“Moral Responsibility and Normative Ignorance: Answering a New Skeptical Challenge” William J. FitzPatrick
“Philosophical doubts about moral responsibility,” writes William FitzPatrick, “have typically been rooted in worries about free agency in the face of causal determinism, culminating in familiar metaphysical arguments against the very possibility of moral responsibility” (589). So it is noteworthy that a novel argument for moral responsibility skepticism (hereafter ‘MRS’), recently advanced by Michael Zimmerman and Gideon Rosen, does not rest on controvertible metaphysical claims such as the defense of an incompatibilist determinism. FitzPatrick’s article presents a critical assessment of this new argument.
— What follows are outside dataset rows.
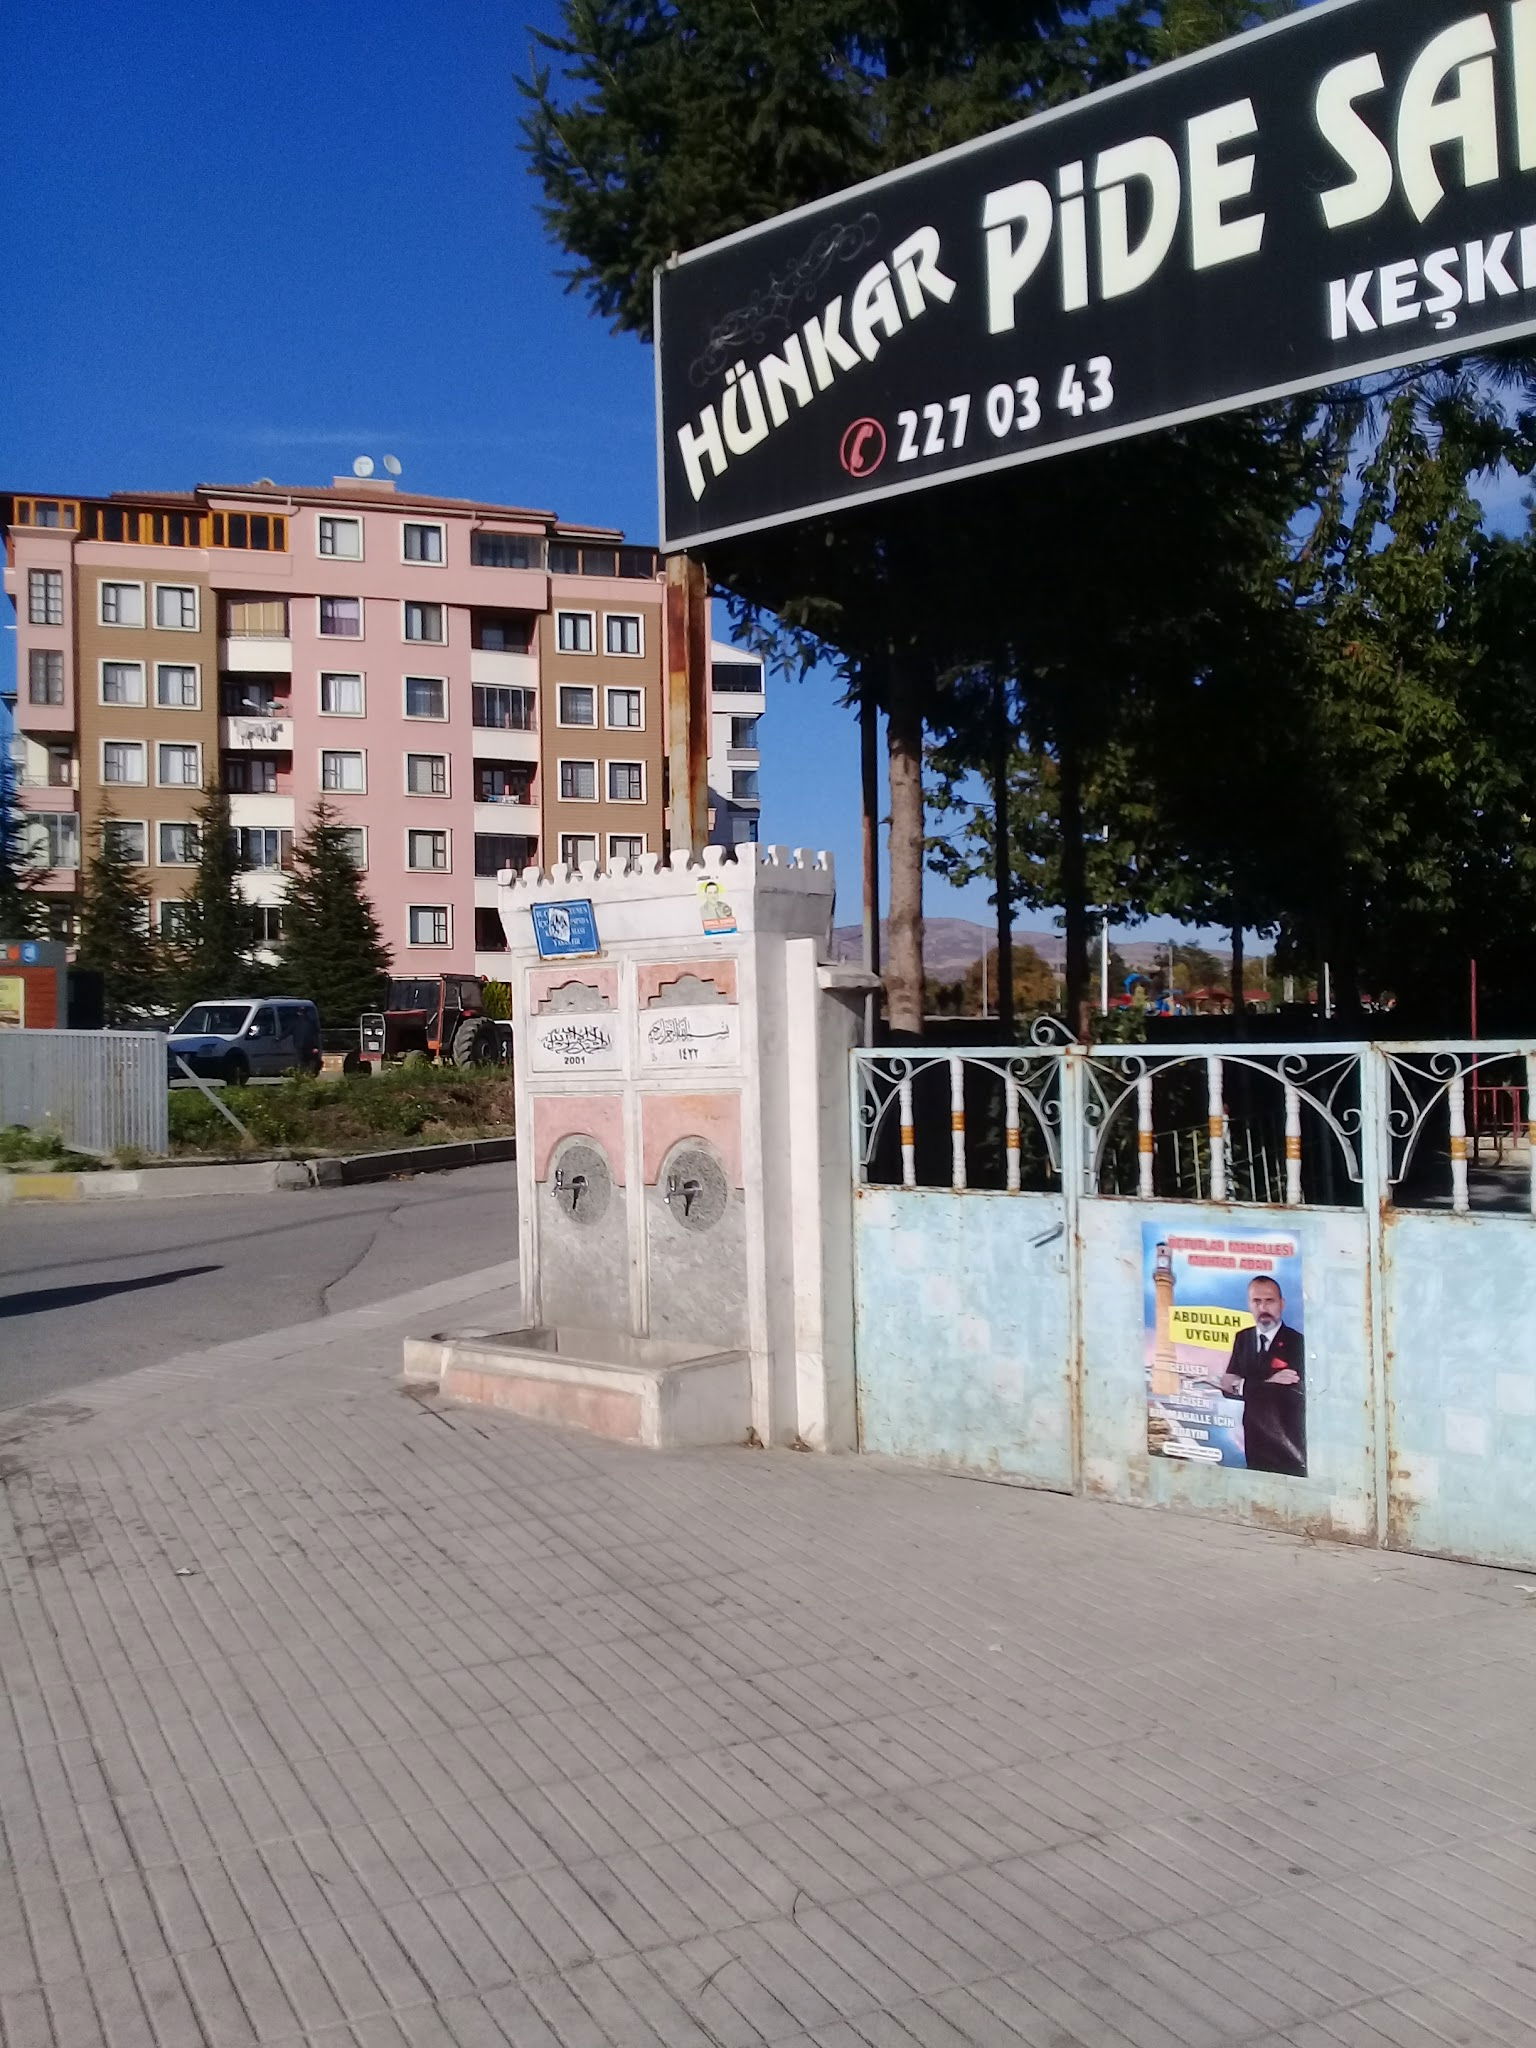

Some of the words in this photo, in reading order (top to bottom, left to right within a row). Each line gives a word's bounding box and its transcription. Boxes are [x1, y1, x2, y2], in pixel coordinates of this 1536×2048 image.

[677, 225, 957, 502] HÜNKAR
[983, 97, 1265, 334] PİDE
[897, 393, 971, 463] 227
[986, 376, 1042, 438] 03
[1057, 355, 1114, 417] 43
[563, 1056, 585, 1065] 2001
[1173, 1311, 1241, 1327] ABDULLAH
[1185, 1328, 1230, 1343] UYGUN
While he applauds it for drawing our attention to difficult problems surrounding the theory and practice of our attributions of moral responsibility, FitzPatrick concludes that the argument’s skeptical conclusion is too strong.
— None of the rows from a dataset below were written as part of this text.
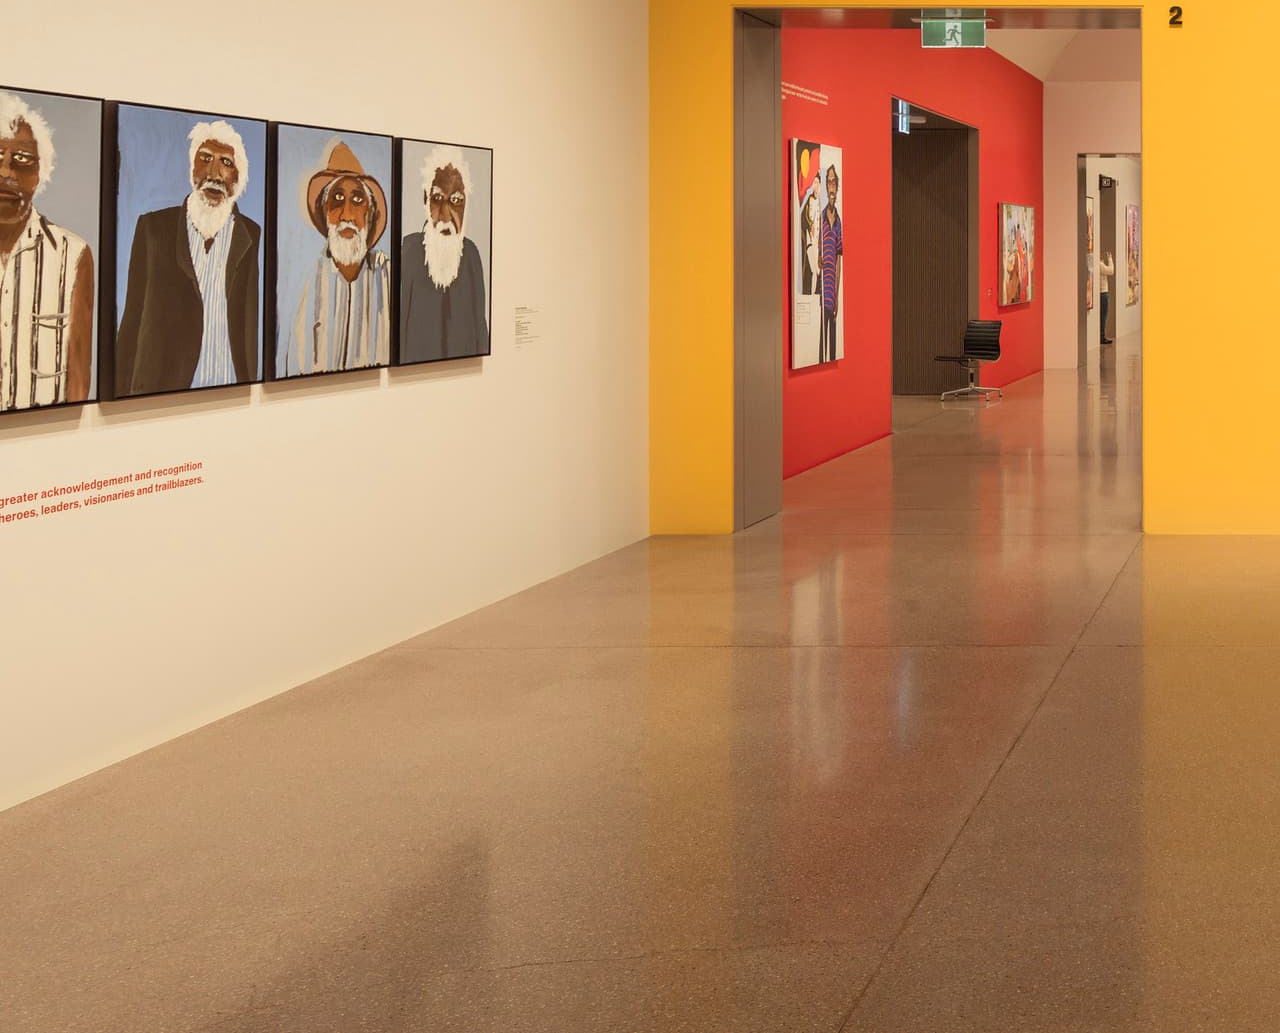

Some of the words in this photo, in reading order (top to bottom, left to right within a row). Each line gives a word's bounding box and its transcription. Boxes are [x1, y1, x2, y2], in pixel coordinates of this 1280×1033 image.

[1169, 6, 1183, 24] 2
[0, 492, 38, 509] greater
[41, 474, 133, 499] acknowledgement
[135, 469, 151, 483] and
[153, 461, 203, 478] recognition
[41, 500, 82, 515] leaders,
[84, 489, 135, 507] visionaries
[137, 484, 153, 496] and
[155, 476, 204, 492] trailblazers.
This new argument for MRS (FitzPatrick focuses his discussion on Rosen’s 2004 presentation, which I have summarized here) is distinctive insofar as it is an epistemological argument, focusing on the warrant for our attributions of moral responsibility, rather than a metaphysical argument concerning the very possibility of moral responsibility itself. Rosen’s argument is two-staged. First, he argues that for any agent’s action to qualify as blameworthy, an instance of genuine akrasia must appear at some point in the “causal etiology” of that action. Second, Rosen argues that we never have good grounds for judging an action to be akratic.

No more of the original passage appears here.